(Spatial localization data)
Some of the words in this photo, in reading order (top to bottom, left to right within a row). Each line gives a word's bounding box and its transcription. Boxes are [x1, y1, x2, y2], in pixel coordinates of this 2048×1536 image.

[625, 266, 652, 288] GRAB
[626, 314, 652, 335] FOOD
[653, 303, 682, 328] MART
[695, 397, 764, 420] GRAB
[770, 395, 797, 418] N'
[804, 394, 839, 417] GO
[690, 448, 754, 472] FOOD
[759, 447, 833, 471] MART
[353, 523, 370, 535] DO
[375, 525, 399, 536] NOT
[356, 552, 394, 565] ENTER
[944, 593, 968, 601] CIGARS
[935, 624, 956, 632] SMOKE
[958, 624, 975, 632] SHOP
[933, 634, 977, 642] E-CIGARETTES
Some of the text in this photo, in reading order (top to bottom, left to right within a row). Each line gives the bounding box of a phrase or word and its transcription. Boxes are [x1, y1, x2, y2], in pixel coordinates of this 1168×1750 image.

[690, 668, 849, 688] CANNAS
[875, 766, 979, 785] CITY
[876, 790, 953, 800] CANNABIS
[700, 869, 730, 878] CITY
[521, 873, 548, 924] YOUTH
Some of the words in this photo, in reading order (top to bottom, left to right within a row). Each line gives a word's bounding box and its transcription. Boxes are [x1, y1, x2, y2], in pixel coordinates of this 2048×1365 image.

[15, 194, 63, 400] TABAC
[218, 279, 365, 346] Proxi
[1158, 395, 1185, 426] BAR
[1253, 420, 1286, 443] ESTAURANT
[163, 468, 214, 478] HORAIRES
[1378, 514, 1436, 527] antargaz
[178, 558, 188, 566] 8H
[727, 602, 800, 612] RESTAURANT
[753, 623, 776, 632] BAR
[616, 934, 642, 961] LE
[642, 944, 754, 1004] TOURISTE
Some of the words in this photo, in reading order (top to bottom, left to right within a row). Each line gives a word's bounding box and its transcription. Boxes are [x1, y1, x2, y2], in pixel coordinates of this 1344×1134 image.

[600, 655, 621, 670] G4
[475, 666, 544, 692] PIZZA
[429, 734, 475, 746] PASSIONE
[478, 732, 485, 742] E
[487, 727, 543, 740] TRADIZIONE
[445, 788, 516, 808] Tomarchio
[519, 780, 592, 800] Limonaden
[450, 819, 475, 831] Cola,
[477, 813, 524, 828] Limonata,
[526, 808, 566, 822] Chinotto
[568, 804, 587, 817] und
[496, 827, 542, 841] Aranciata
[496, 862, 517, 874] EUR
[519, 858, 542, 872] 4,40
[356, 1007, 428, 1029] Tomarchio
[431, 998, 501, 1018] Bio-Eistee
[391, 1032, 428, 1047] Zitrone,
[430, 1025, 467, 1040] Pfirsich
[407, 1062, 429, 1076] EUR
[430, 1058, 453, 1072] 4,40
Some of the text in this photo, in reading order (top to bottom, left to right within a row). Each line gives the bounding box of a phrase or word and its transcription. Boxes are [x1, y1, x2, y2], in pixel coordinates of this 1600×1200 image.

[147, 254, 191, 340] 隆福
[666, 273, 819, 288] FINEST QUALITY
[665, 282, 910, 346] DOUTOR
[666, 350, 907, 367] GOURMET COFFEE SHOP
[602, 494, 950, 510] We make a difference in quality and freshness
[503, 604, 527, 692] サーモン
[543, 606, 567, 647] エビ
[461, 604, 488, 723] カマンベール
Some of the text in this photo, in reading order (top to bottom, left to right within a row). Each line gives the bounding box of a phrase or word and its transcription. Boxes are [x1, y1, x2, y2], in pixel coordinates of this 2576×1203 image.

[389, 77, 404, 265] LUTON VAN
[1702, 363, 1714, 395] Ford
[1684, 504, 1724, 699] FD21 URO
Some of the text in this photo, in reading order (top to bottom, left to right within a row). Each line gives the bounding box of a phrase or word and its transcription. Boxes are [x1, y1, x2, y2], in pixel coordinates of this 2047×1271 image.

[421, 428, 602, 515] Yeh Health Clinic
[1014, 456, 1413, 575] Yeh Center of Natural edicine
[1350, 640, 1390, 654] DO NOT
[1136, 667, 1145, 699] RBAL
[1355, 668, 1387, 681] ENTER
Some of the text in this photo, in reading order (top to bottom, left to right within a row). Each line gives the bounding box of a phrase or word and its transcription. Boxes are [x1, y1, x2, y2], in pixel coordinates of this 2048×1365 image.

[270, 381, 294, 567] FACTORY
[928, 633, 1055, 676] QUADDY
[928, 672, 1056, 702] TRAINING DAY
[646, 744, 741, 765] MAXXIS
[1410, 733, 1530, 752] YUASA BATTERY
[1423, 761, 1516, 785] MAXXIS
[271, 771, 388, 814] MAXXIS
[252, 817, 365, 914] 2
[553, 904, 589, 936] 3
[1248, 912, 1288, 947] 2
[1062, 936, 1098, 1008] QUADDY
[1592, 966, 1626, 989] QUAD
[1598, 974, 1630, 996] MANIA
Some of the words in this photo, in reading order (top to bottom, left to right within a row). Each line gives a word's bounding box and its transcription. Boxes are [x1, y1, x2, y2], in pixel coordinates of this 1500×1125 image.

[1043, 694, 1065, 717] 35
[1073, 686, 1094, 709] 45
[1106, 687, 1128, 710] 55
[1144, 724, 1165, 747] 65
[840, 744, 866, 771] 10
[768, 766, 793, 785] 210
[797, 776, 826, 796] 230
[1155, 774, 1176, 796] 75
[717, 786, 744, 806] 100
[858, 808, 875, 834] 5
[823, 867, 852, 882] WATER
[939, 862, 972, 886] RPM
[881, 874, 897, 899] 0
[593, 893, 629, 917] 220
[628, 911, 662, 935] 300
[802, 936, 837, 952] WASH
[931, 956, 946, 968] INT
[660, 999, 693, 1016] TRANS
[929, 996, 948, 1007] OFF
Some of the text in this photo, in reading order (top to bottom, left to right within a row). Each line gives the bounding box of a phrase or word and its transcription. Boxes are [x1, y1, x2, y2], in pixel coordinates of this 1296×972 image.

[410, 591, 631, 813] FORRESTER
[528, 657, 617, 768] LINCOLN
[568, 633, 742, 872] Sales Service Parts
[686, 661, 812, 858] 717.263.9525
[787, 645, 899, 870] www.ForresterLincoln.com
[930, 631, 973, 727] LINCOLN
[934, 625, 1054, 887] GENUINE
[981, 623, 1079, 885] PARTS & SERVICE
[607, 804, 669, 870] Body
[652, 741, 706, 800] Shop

■ Your goal:
Would you please output every record again, exactly?

■ The answer:
Some of the words in this photo, in reading order (top to bottom, left to right within a row). Each line gives a word's bounding box and its transcription. Boxes are [x1, y1, x2, y2], in pixel coordinates of this 2048×1536 image.

[625, 266, 652, 288] GRAB
[626, 314, 652, 335] FOOD
[653, 303, 682, 328] MART
[695, 397, 764, 420] GRAB
[770, 395, 797, 418] N'
[804, 394, 839, 417] GO
[690, 448, 754, 472] FOOD
[759, 447, 833, 471] MART
[353, 523, 370, 535] DO
[375, 525, 399, 536] NOT
[356, 552, 394, 565] ENTER
[944, 593, 968, 601] CIGARS
[935, 624, 956, 632] SMOKE
[958, 624, 975, 632] SHOP
[933, 634, 977, 642] E-CIGARETTES
Some of the text in this photo, in reading order (top to bottom, left to right within a row). Each line gives the bounding box of a phrase or word and its transcription. Boxes are [x1, y1, x2, y2], in pixel coordinates of this 1168×1750 image.

[690, 668, 849, 688] CANNAS
[875, 766, 979, 785] CITY
[876, 790, 953, 800] CANNABIS
[700, 869, 730, 878] CITY
[521, 873, 548, 924] YOUTH
Some of the words in this photo, in reading order (top to bottom, left to right within a row). Each line gives a word's bounding box and its transcription. Boxes are [x1, y1, x2, y2], in pixel coordinates of this 2048×1365 image.

[15, 194, 63, 400] TABAC
[218, 279, 365, 346] Proxi
[1158, 395, 1185, 426] BAR
[1253, 420, 1286, 443] ESTAURANT
[163, 468, 214, 478] HORAIRES
[1378, 514, 1436, 527] antargaz
[178, 558, 188, 566] 8H
[727, 602, 800, 612] RESTAURANT
[753, 623, 776, 632] BAR
[616, 934, 642, 961] LE
[642, 944, 754, 1004] TOURISTE
Some of the words in this photo, in reading order (top to bottom, left to right within a row). Each line gives a word's bounding box and its transcription. Boxes are [x1, y1, x2, y2], in pixel coordinates of this 1344×1134 image.

[600, 655, 621, 670] G4
[475, 666, 544, 692] PIZZA
[429, 734, 475, 746] PASSIONE
[478, 732, 485, 742] E
[487, 727, 543, 740] TRADIZIONE
[445, 788, 516, 808] Tomarchio
[519, 780, 592, 800] Limonaden
[450, 819, 475, 831] Cola,
[477, 813, 524, 828] Limonata,
[526, 808, 566, 822] Chinotto
[568, 804, 587, 817] und
[496, 827, 542, 841] Aranciata
[496, 862, 517, 874] EUR
[519, 858, 542, 872] 4,40
[356, 1007, 428, 1029] Tomarchio
[431, 998, 501, 1018] Bio-Eistee
[391, 1032, 428, 1047] Zitrone,
[430, 1025, 467, 1040] Pfirsich
[407, 1062, 429, 1076] EUR
[430, 1058, 453, 1072] 4,40
Some of the text in this photo, in reading order (top to bottom, left to right within a row). Each line gives the bounding box of a phrase or word and its transcription. Boxes are [x1, y1, x2, y2], in pixel coordinates of this 1600×1200 image.

[147, 254, 191, 340] 隆福
[666, 273, 819, 288] FINEST QUALITY
[665, 282, 910, 346] DOUTOR
[666, 350, 907, 367] GOURMET COFFEE SHOP
[602, 494, 950, 510] We make a difference in quality and freshness
[503, 604, 527, 692] サーモン
[543, 606, 567, 647] エビ
[461, 604, 488, 723] カマンベール
Some of the text in this photo, in reading order (top to bottom, left to right within a row). Each line gives the bounding box of a phrase or word and its transcription. Boxes are [x1, y1, x2, y2], in pixel coordinates of this 2576×1203 image.

[389, 77, 404, 265] LUTON VAN
[1702, 363, 1714, 395] Ford
[1684, 504, 1724, 699] FD21 URO
Some of the text in this photo, in reading order (top to bottom, left to right within a row). Each line gives the bounding box of a phrase or word and its transcription. Boxes are [x1, y1, x2, y2], in pixel coordinates of this 2047×1271 image.

[421, 428, 602, 515] Yeh Health Clinic
[1014, 456, 1413, 575] Yeh Center of Natural edicine
[1350, 640, 1390, 654] DO NOT
[1136, 667, 1145, 699] RBAL
[1355, 668, 1387, 681] ENTER
Some of the text in this photo, in reading order (top to bottom, left to right within a row). Each line gives the bounding box of a phrase or word and its transcription. Boxes are [x1, y1, x2, y2], in pixel coordinates of this 2048×1365 image.

[270, 381, 294, 567] FACTORY
[928, 633, 1055, 676] QUADDY
[928, 672, 1056, 702] TRAINING DAY
[646, 744, 741, 765] MAXXIS
[1410, 733, 1530, 752] YUASA BATTERY
[1423, 761, 1516, 785] MAXXIS
[271, 771, 388, 814] MAXXIS
[252, 817, 365, 914] 2
[553, 904, 589, 936] 3
[1248, 912, 1288, 947] 2
[1062, 936, 1098, 1008] QUADDY
[1592, 966, 1626, 989] QUAD
[1598, 974, 1630, 996] MANIA
Some of the words in this photo, in reading order (top to bottom, left to right within a row). Each line gives a word's bounding box and its transcription. Boxes are [x1, y1, x2, y2], in pixel coordinates of this 1500×1125 image.

[1043, 694, 1065, 717] 35
[1073, 686, 1094, 709] 45
[1106, 687, 1128, 710] 55
[1144, 724, 1165, 747] 65
[840, 744, 866, 771] 10
[768, 766, 793, 785] 210
[797, 776, 826, 796] 230
[1155, 774, 1176, 796] 75
[717, 786, 744, 806] 100
[858, 808, 875, 834] 5
[823, 867, 852, 882] WATER
[939, 862, 972, 886] RPM
[881, 874, 897, 899] 0
[593, 893, 629, 917] 220
[628, 911, 662, 935] 300
[802, 936, 837, 952] WASH
[931, 956, 946, 968] INT
[660, 999, 693, 1016] TRANS
[929, 996, 948, 1007] OFF
Some of the text in this photo, in reading order (top to bottom, left to right within a row). Each line gives the bounding box of a phrase or word and its transcription. Boxes are [x1, y1, x2, y2], in pixel coordinates of this 1296×972 image.

[410, 591, 631, 813] FORRESTER
[528, 657, 617, 768] LINCOLN
[568, 633, 742, 872] Sales Service Parts
[686, 661, 812, 858] 717.263.9525
[787, 645, 899, 870] www.ForresterLincoln.com
[930, 631, 973, 727] LINCOLN
[934, 625, 1054, 887] GENUINE
[981, 623, 1079, 885] PARTS & SERVICE
[607, 804, 669, 870] Body
[652, 741, 706, 800] Shop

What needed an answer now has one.